To succeed on his claim that counsel was ineffective, Phillips must show that his lawyer's performance fell below an objective standard of reasonableness, and that but for counsel's errors, the proceedings probably would have had a different result. Strickland v. Washington, 466 U.S. 668, 688, 694, 104 S.Ct. 2052, 80 L.Ed.2d 674 (1984). In this case, Phillips attorney made a strategic decision to challenge drug quantity, asking the Court to limit drug quantity to that Phillips actually handled. The strategy paid off, getting Phillips a substantial reduction of four offense levels. Had the attorney chosen the strategy now recommended by Phillips, he would have been sentenced based on the full drug quantity handled by the conspiracy, and received a two-level reduction for being a minor participant. This would have resulted in a higher sentence.
In this circuit, when no conduct of other participants in a criminal scheme is attributed to a defendant for purposes of sentencing, he is not entitled to a sentencing discount because he is a minor participant in some larger criminal activity. United States v. Cruz, 233 F.3d 492 (7th Cir.2000). Phillips could not get sentenced based solely on the amount of drugs he handled and get a reduction as a minor participant. His counsel chose the argument that would achieve the greatest reduction for his client. This certainly does not fall below an objective standard of reasonableness.
Petitioner's argument under Apprendi v.

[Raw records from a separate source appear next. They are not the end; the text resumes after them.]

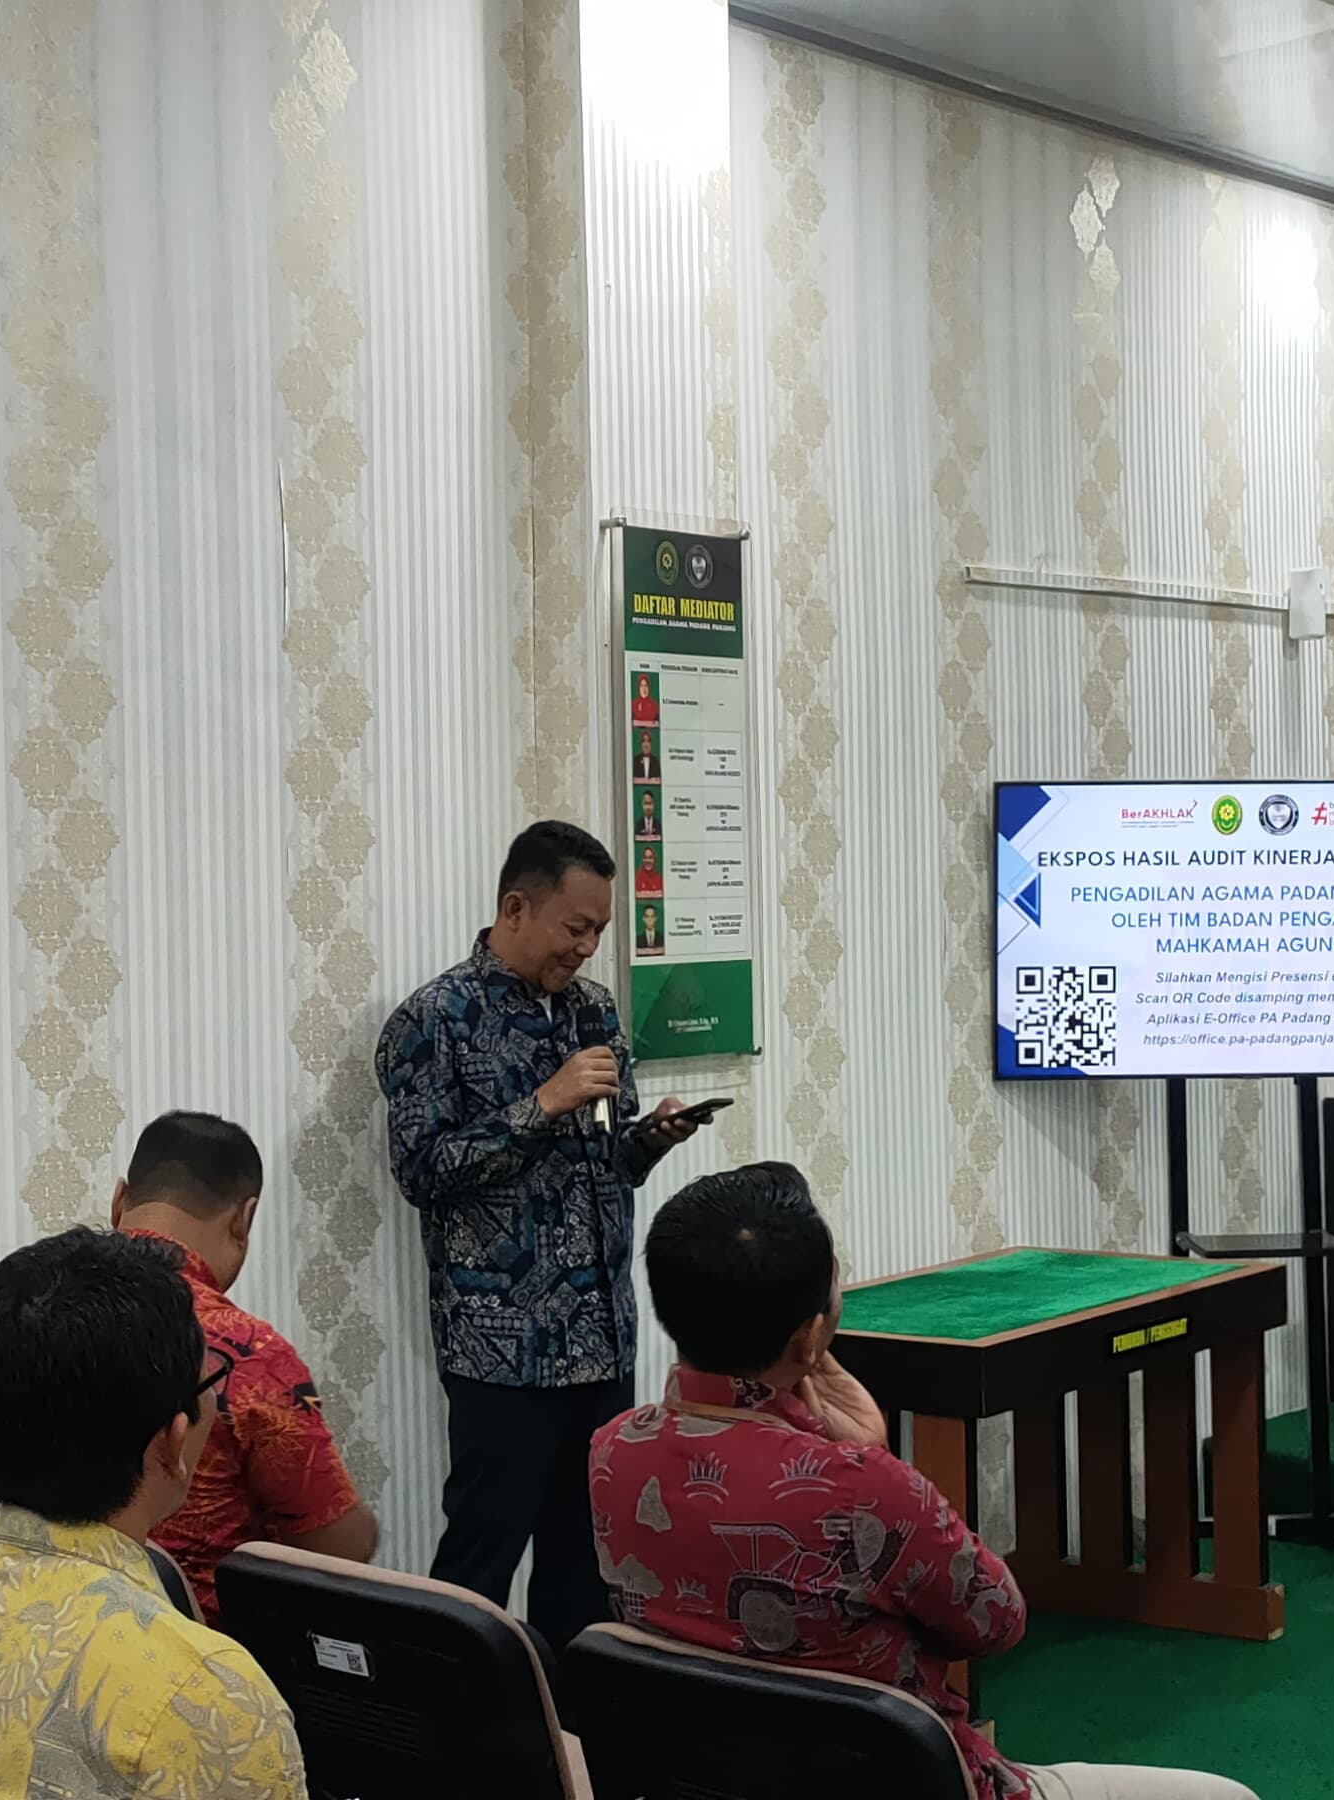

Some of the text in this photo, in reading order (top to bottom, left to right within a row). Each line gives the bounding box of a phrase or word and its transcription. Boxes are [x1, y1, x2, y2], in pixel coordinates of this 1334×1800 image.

[633, 593, 735, 621] DAFTAR MEDIATOR
[1121, 808, 1194, 820] BerAKHLAK
[1038, 851, 1116, 866] EKSPOS
[1123, 851, 1180, 866] HASIL
[1188, 850, 1247, 866] AUDIT
[1071, 887, 1195, 902] PENGADILAN
[1201, 886, 1274, 901] AGAMA
[1111, 913, 1162, 928] OLEH
[1168, 912, 1200, 927] TIM
[1207, 912, 1272, 927] BADAN
[1156, 939, 1270, 953] MAHKAMAH
[1156, 972, 1212, 983] Silahkan
[1216, 971, 1268, 984] Mengisi
[1271, 971, 1329, 982] Presensi
[1136, 992, 1168, 1004] Scan
[1172, 993, 1193, 1003] QR
[1197, 992, 1231, 1003] Code
[1235, 992, 1304, 1005] disamping
[1147, 1013, 1200, 1027] Aplikasi
[1204, 1012, 1256, 1024] E-Office
[1260, 1012, 1278, 1023] PA
[1282, 1012, 1331, 1025] Padang
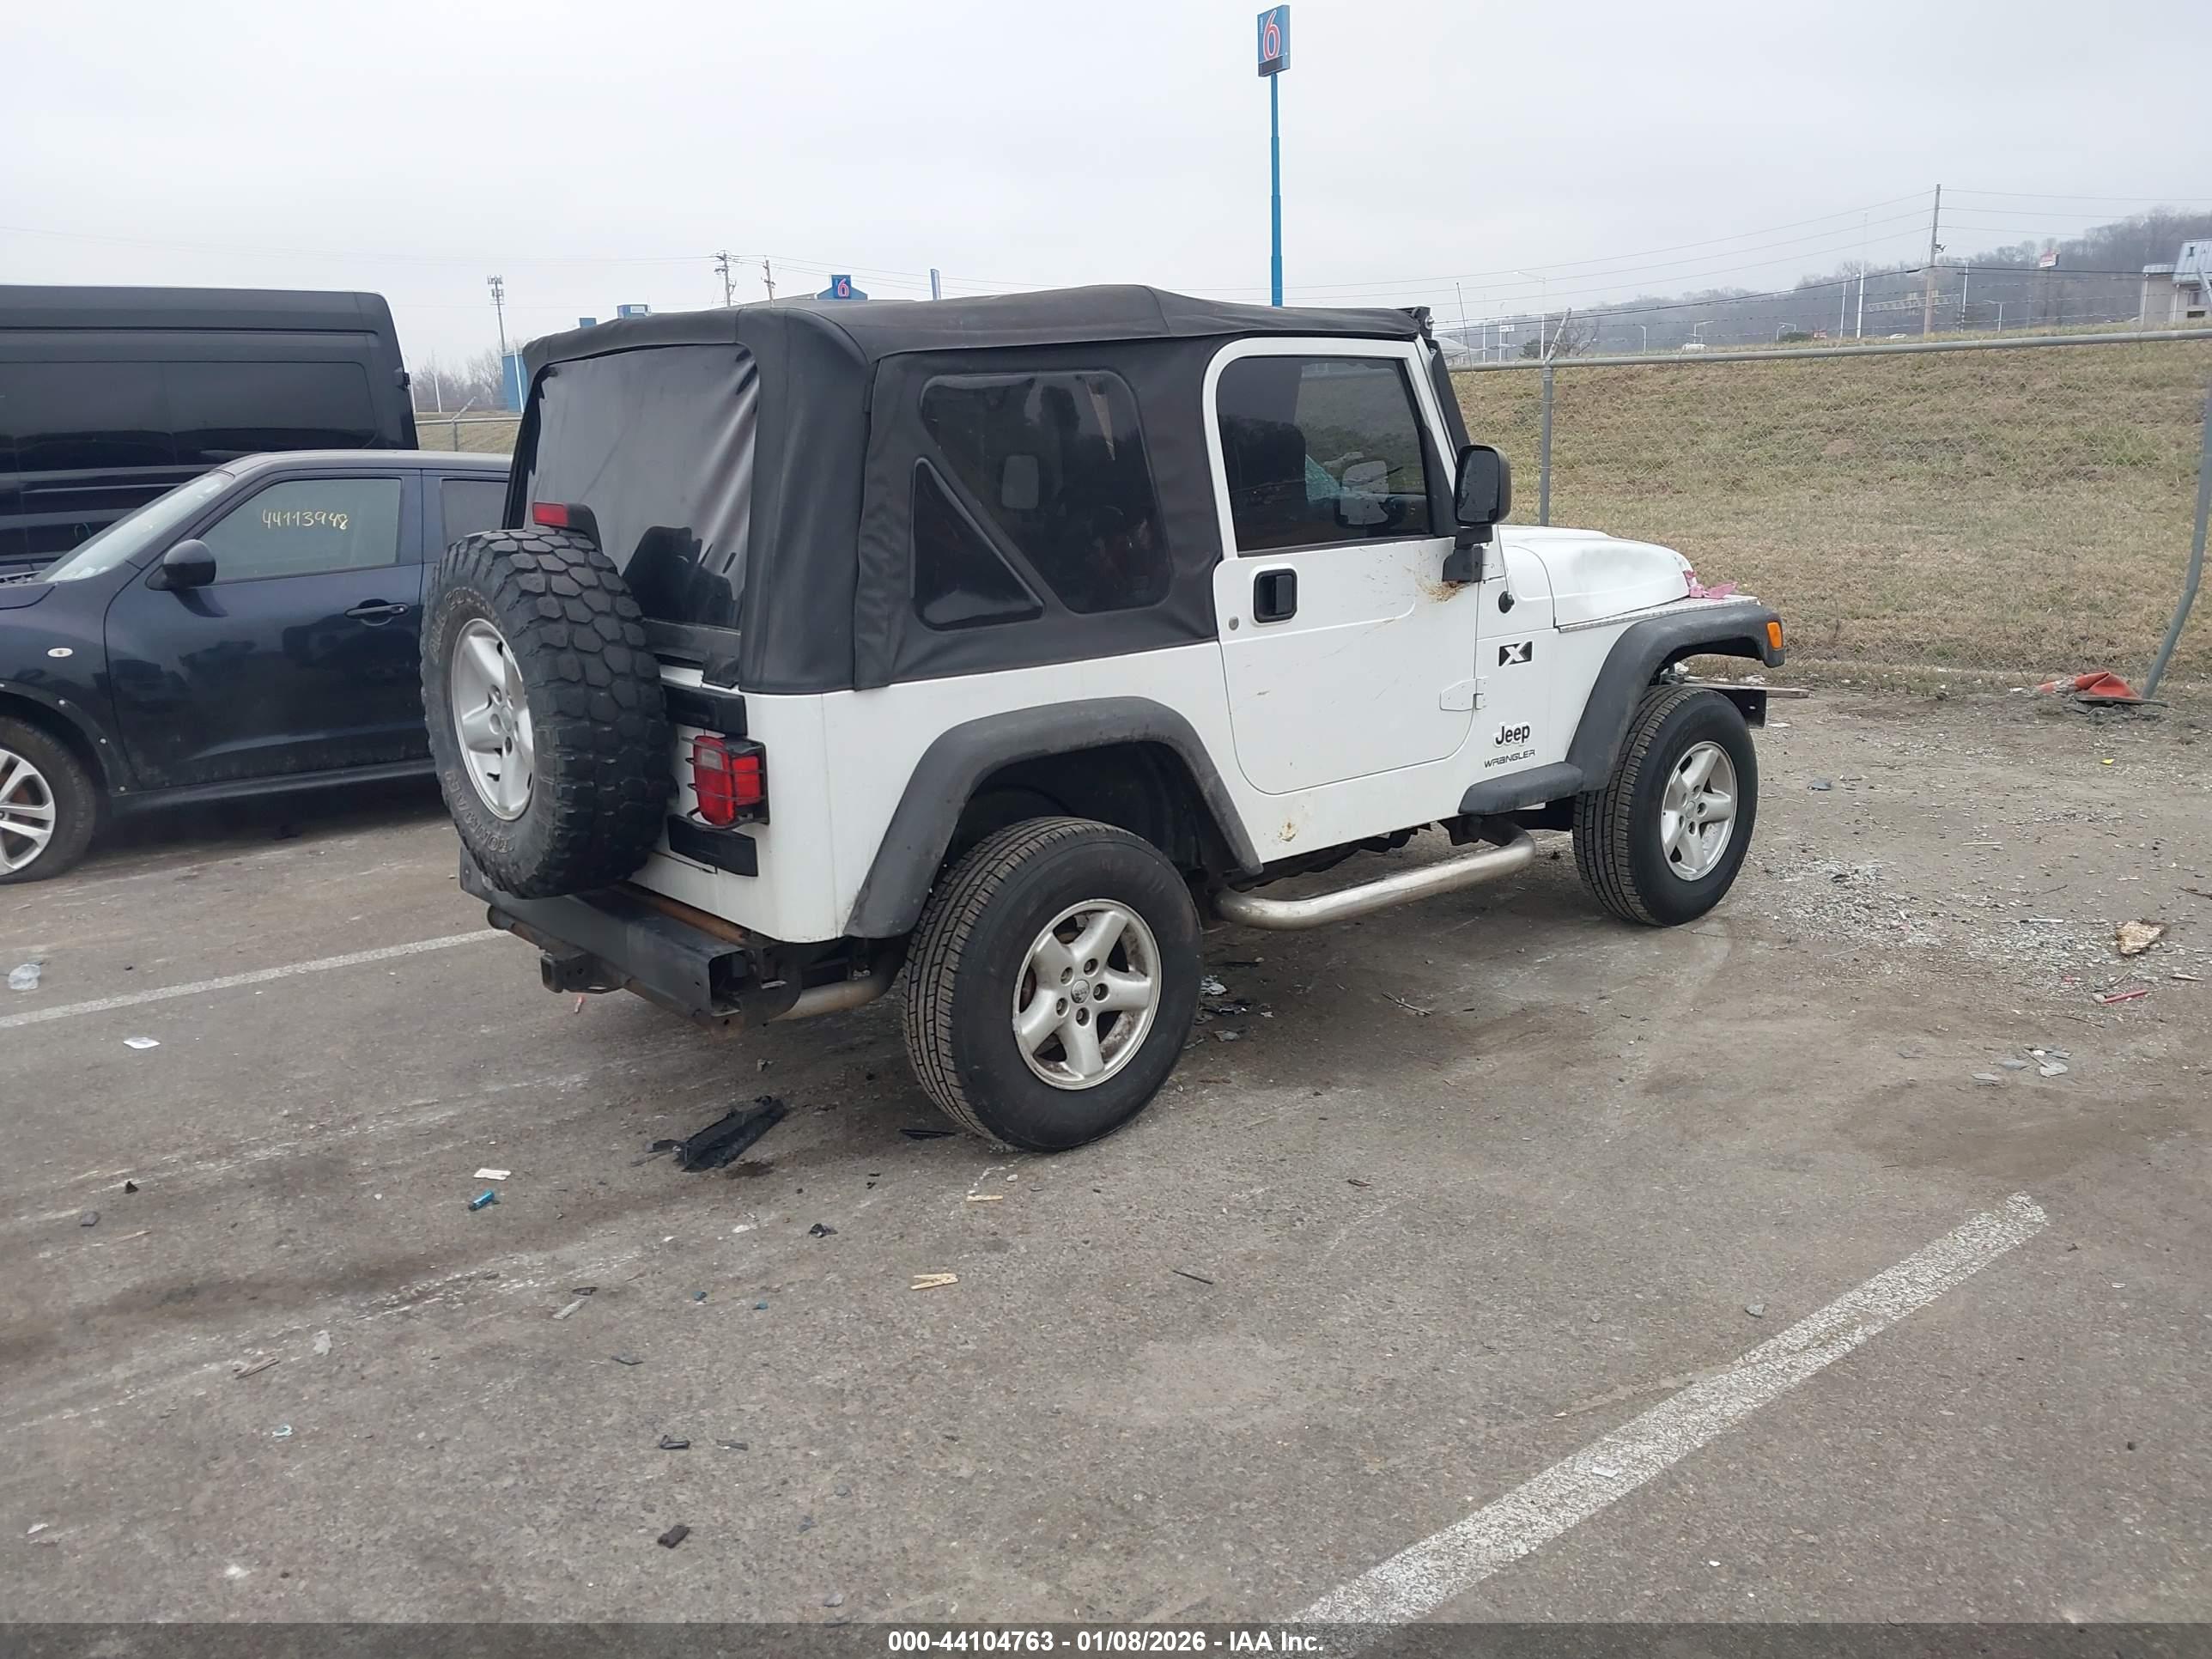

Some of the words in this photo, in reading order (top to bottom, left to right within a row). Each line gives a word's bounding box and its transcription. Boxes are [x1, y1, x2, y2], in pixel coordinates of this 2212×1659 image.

[1263, 9, 1280, 60] 6
[838, 277, 849, 297] 6
[262, 508, 349, 530] 44113948
[1498, 641, 1533, 666] X
[1495, 725, 1530, 745] Jeep
[1484, 749, 1535, 769] WRANGLER
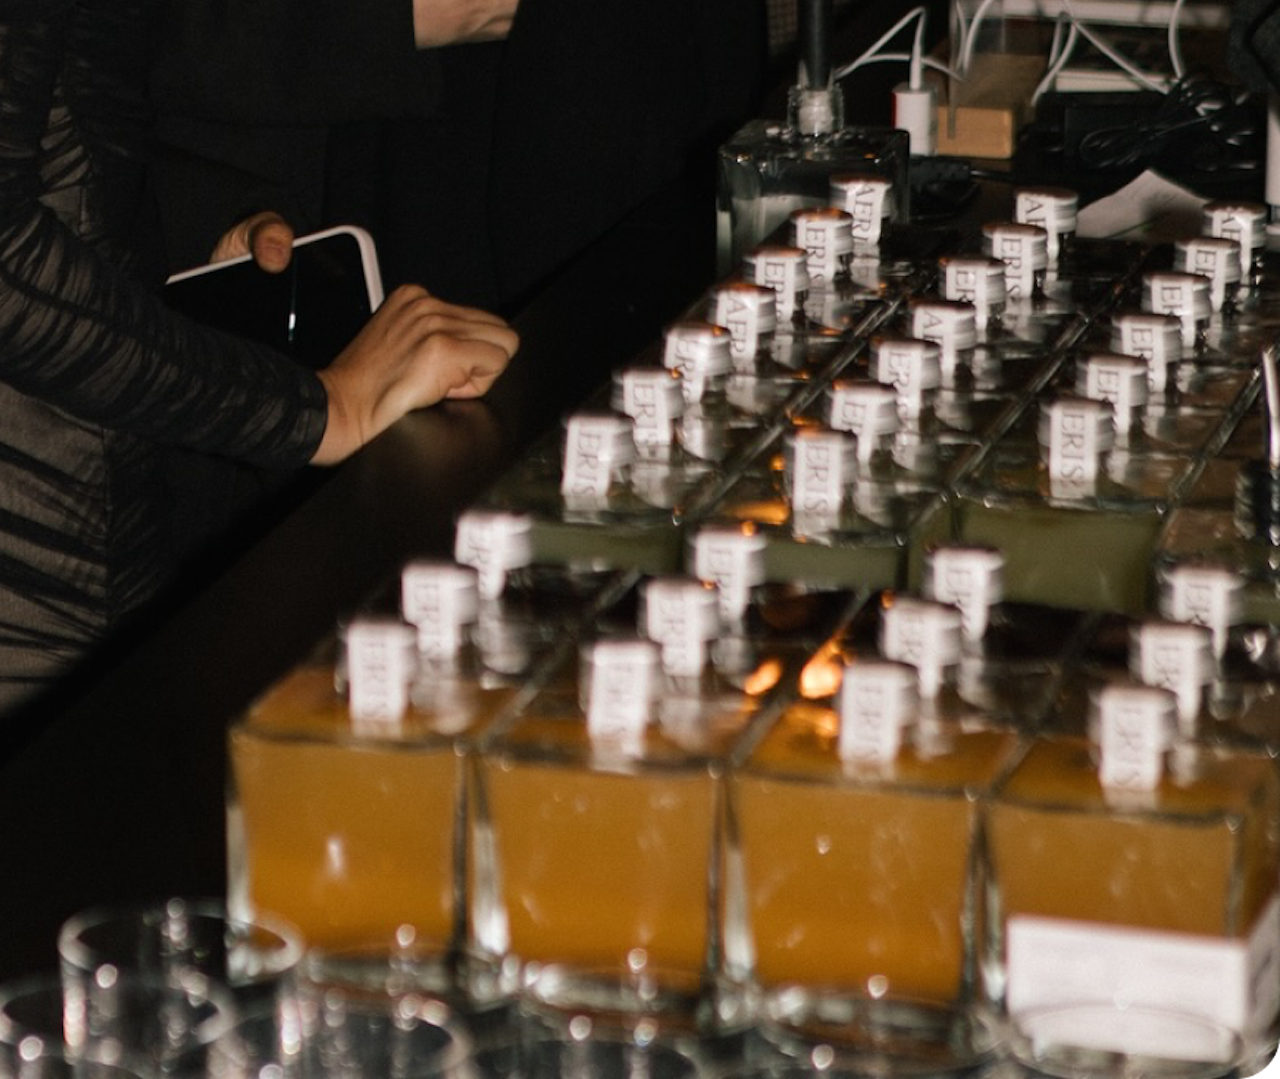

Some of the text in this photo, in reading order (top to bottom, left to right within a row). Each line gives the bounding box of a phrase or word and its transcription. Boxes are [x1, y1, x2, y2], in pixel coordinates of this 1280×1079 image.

[572, 431, 601, 496] ERIS
[1060, 412, 1085, 478] ERIS
[804, 445, 829, 518] ERIS

New Jersey, 530 U.S. 466(200), 120 S.Ct. 2348, 147 L.Ed.2d 435 is equally lacking in merit. The Seventh Circuit has consistently held that where the actual sentence imposed is less severe than the statutory maximum, Apprendi does not apply. See, United States v. Leonard, 289 F.3d 984 (7th Cir.2002) (citations omitted); see also, United States v. Jones, 245 F.3d 645, 649 (7th Cir.2001)("We have repeatedly held that when a defendant is sentenced to a term of imprisonment within the statutory maximum, Apprendi is beside the point."). In this case, Phillips was sentenced to 235 months. The maximum sentence for possessing and distributing the smallest quantity of cocaine under § 841(b) is twenty (20) years or 240 months. Therefore, Phillips sentence is within the statutory maximum.
"Where the statutory maximum is not exceeded, the sentencing judge may adjust the sentence after making the appropriate findings by a preponderance of the evidence." Leonard, at 989. After holding a lengthy sentencing hearing with testimony from a number of witnesses, this Court *999 determined the appropriate drug quantity to attribute to Phillips by a preponderance of the evidence. Therefore, the sentencing process satisfied all the requirements of Apprendi as interpreted by the 7th Circuit.
On the issue of prior convictions, the Court declines Phillips' invitation to anticipate what the Supreme Court might do in the future, and applies the caselaw as it now stands. In Apprendi, the Supreme Court carved out an exception to its announced rule, stating "Other than the fact of a prior conviction, any fact that increases the penalty for a crime beyond the prescribed statutory maximum must be submitted to a jury and proved beyond a reasonable doubt." The plain language in Apprendi removes the fact of a prior conviction from the reach of the rule set forth in that case.
Phillips makes one final argument under Apprendi, claiming that a very narrow ruling from the Second Circuit opinion in United States v. Guevara, 277 F.3d 111, 119 (2nd Cir.2001) somehow applies to this case. The issue in Guevara was whether a judge-made finding of fact that resulted in a mandatory minimum that exceeded the top of the Guideline range had to be established beyond a reasonable doubt. This issue comes up in drug cases when the drug quantity finding triggers a mandatory minimum that exceeds the Guideline range that would otherwise apply. In this case, because of other sentencing factors unrelated to drug quantity, Phillips' Guideline range was at all times above the highest statutory minimum of ten years. Therefore, Guevara does not apply to Phillips' sentencing.[1]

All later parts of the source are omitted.